No me he puesto a investigar, ni quiero saber, por qué las ideas nacionalistas encandilan a tanta gente, especialmente jóvenes recién salidos de una adolescencia saturada de consignas corruptoras.

Se podría discutir si es válido, correcto y, sobre todo, legal sustentar, defender y promover ideas nacionalistas en contextos políticos democráticos. Se suele decir, como principio de libertad, que cualquiera puede esgrimir y expresar sus ideas, sean las que sean.

No participamos de este aserto, porque no todas las ideas, aventadas en público, son admisibles. Ideas que, blandidas por algunos, atentarán contra el orden social, ideas que siempre conducirán a actos que derivarán en perturbación y destrucción de la convivencia. Envenenan la cabeza especialmente de los jóvenes idealistas con mensajes dañinos para sí y para el entorno social.

Así ha sido cuando volvemos la vista atrás y vemos las consecuencias derivadas de discursos nacionalistas, porque es entonces cuando topamos con hechos, no con ideas. Hechos que deben llevar a una reflexión profunda sobre las consecuencias de tales discursos.

Respecto al título que encabeza estas palabras, en los inicios de 2014 me reafirmé en la convicción que, ciertamente,  ya tenía pero que quedó confirmada todavía más cuando quise saber los preliminares de la que llamaron Gran Guerra, I Guerra Mundial.

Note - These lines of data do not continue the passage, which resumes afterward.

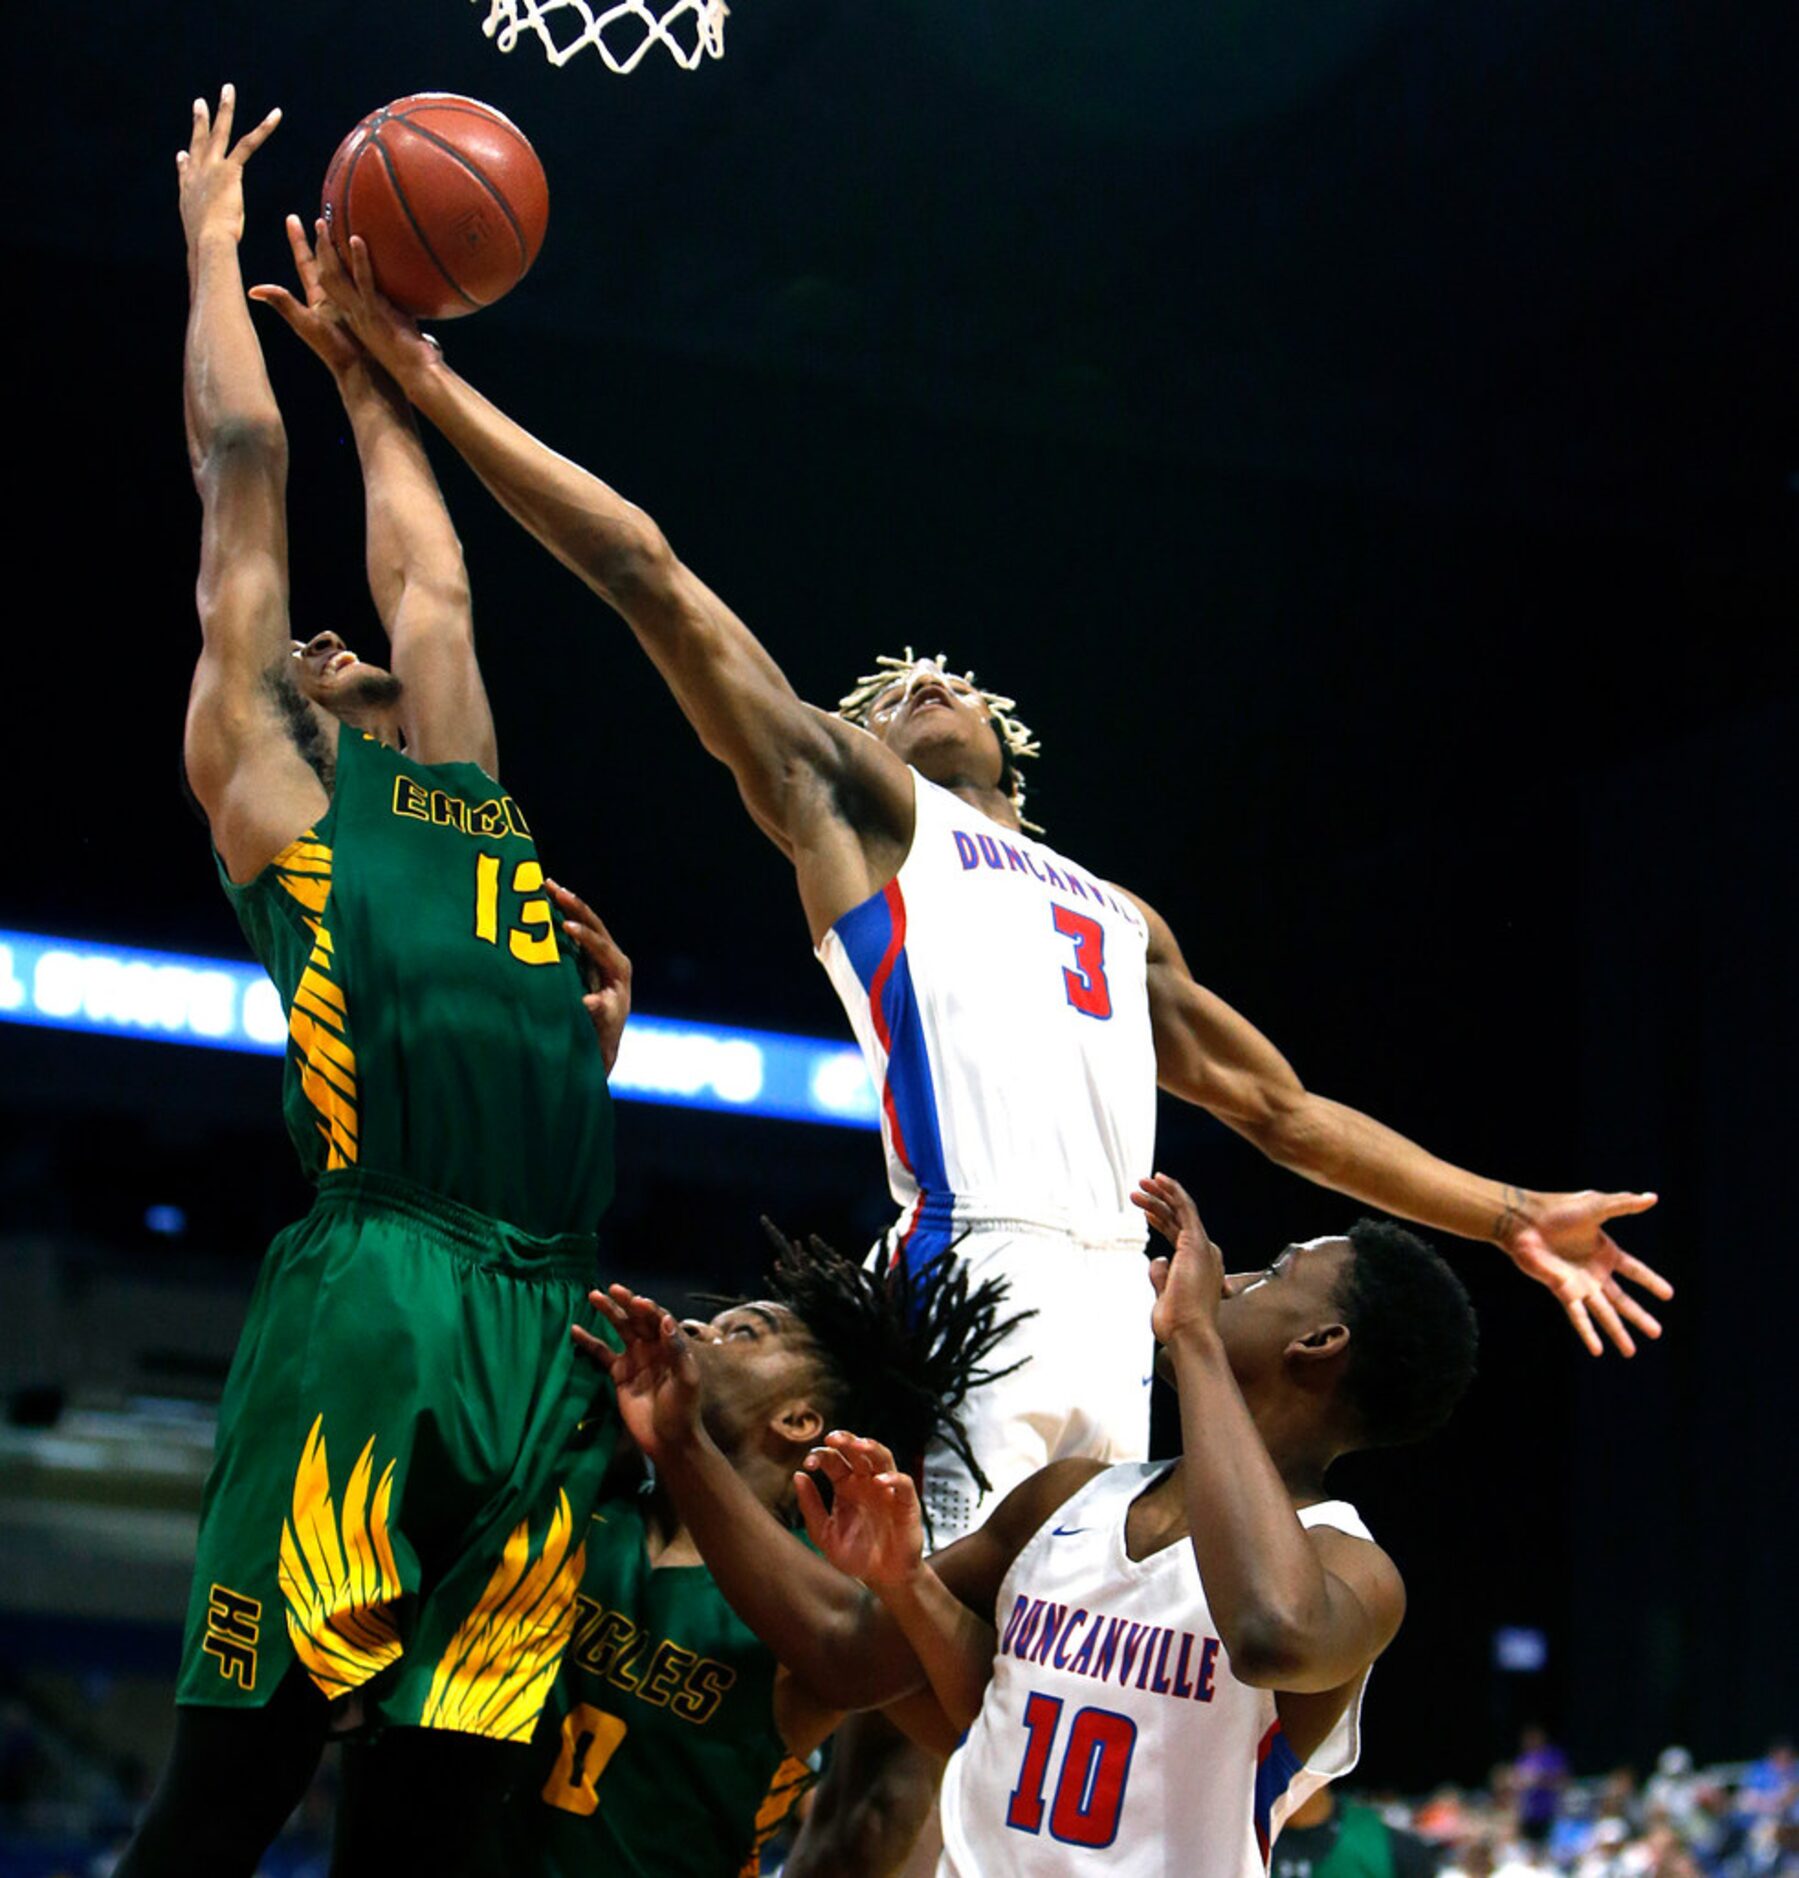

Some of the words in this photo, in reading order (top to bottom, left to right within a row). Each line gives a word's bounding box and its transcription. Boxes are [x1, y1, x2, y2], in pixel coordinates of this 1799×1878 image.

[475, 853, 561, 965] 13
[1050, 901, 1113, 1020] 3
[202, 1583, 262, 1691] HF
[1001, 1594, 1220, 1704] DUNCANVILLE
[541, 1702, 628, 1818] 0
[1005, 1690, 1138, 1851] 10
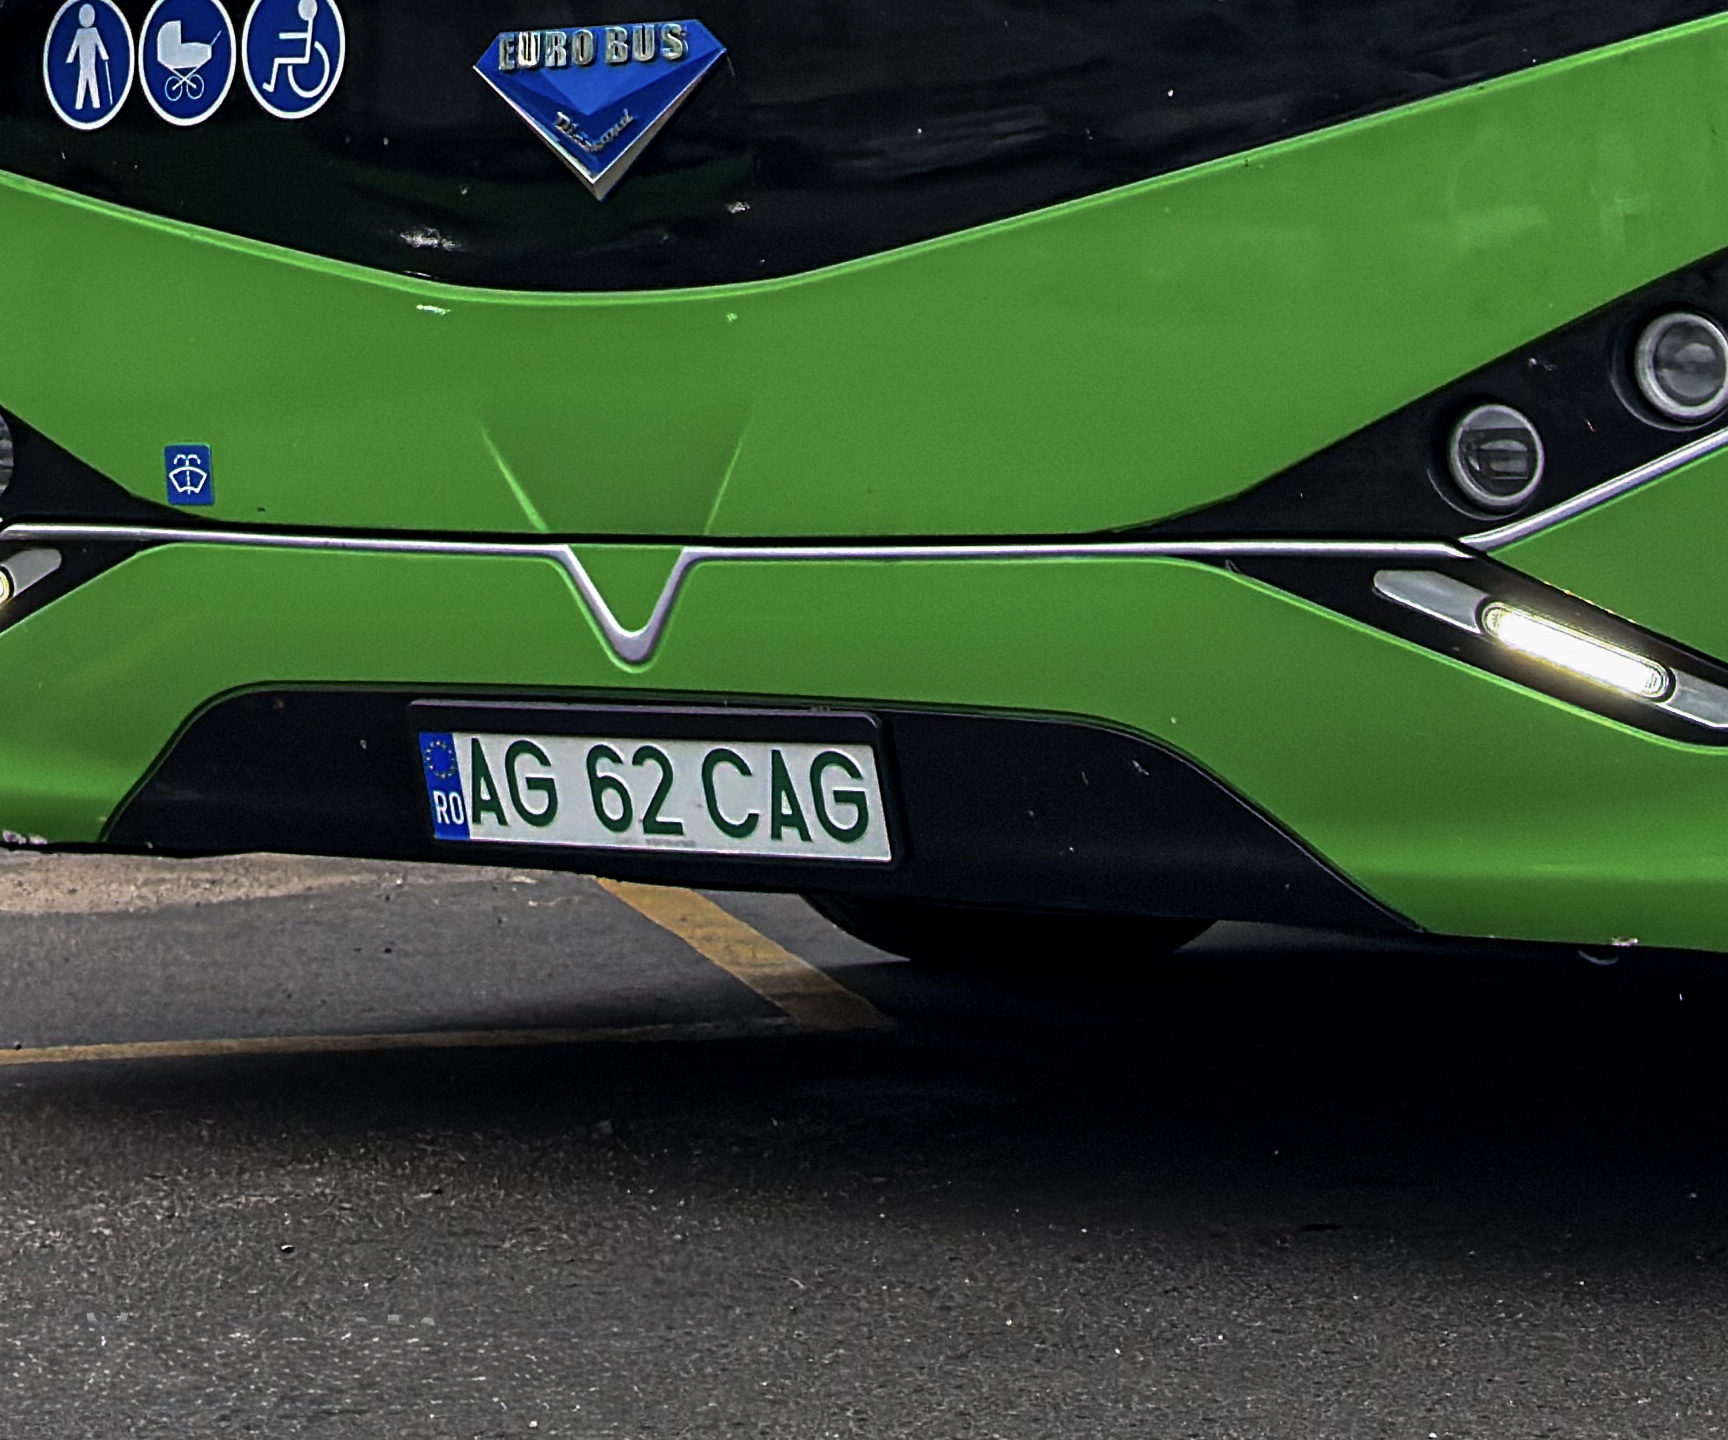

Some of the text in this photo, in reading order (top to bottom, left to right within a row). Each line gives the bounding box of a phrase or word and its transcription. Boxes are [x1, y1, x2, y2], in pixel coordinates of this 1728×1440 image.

[497, 21, 690, 72] EURO BUS
[432, 789, 466, 825] RO
[470, 736, 871, 844] AG 62 CAG

Quise recordar con mayor profundidad los prolegómenos y las consecuencias de este desastre y, aparte de artículos, mapas, acciones bélicas puntuales, victorias y derrotas de unos y otros, leí con fruición dos libros que recomiendo, Los cañones de agosto, de Bárbara W. Tuchman y, sobre todo, Sonámbulos, de Christopher Clark, con el añadido del testimonio directo de un combatiente, Louis Barthas, Cuadernos de Guerra.

La chispa del gran drama que fue la I Guerra se inició con la agitación social promovida por el movimiento nacionalista exacerbado de Serbia. La muerte del heredero del Imperio, archiduque Francisco Fernando de Austria a manos del grupo liderado por Gavrilo Princip, condujo en un “crescendo” insensato al descabellado juego bélico de alianzas: Rusia, Francia, Inglaterra frente al Imperio Austro-Húngaro y Alemania. Terminó con el epítome festivo de Versalles, que llevaba consigo la miseria de Alemania.  Como reacción, de nuevo otro nacionalismo, el alemán, “nazionalsocialismus”.

La patria y la nación por encima de todo y de todos. El primitivo pensamiento Volkgeist, “el espíritu o la voluntad del pueblo”, de Herder, que impregnó la mente de muchos descerebrados del siglo XIX, también en España, más ávidos de poder que de otra cosa. En resumen, que de esos nacionalismos, prácticamente todo el siglo XX quedó sumido en guerras directas o delegadas. Toda nuestra vida activa.

Es preciso distinguir conceptos, porque el amor al propio terruño, las tradiciones, la lengua, el folklore nada tienen que ver con el nacionalismo, porque éste implica exclusión, incluso desaparición del contrario del modo que sea, haciéndole la vida imposible o, sencillamente, eliminándolo. 

Son ideologías trasnochadas de finales del siglo XIX que se mantienen sin sentido alguno en una sociedad, la de hoy, más abierta, más integradora y más universal. Y que tampoco tienen sustrato en la historia anterior al siglo XIX, por más que ellos la tergiversen. Nacionalismos, además, que beben o se apropian de lo  más nauseabundo de las ideas de derechas y de izquierdas.

Vemos el nacionalismo vasco y resulta ridículo hoy día mantener un ideario basado en Dios, raza, lengua y deseo de independencia, “nobles” ideales surgidos de la tragedia de las guerras carlistas. Es lo que Sabino Arana pretendía para su “patria”. Y unos, de momento, lo han reivindicado respetando las reglas del juego y otros por las armas y la sangre de los otros, en vano intento de demoler el Estado.

Y si del otro hablamos, el nacionalismo catalán, ¿en qué se resumen sus pretensiones? La lengua ha sido un pretexto, porque la historia no avala sus fantasías. Puestos a escarbar, lo que subyace es el inmoderado amor a la “pela”, que es más suculenta cuando se consigue el poder. Si no, que se lo digan a los muy honorables Pujol.

Hoy, por efecto de una ley electoral hecha a su medida y que no previó estos efectos perniciosos, esos grupúsculos con arraigo en determinados ámbitos geográficos y no en todo el territorio nacional, se ríen del resto de españoles.

Pretenden, y consiguen, sacar tajada con las exigencias más rocambolescas que se les ocurren, sin que las reglas del juego sean un obstáculo para ellos. Y, algo de lo  que no quieren darse cuenta quienes podrían poner coto a sus ansias, son insaciables. Jamás se contentarán con trocitos de la tarta nacional, aunque sean opíparos banquetes los que les prepara el que no tiene redaños para pararles los pies.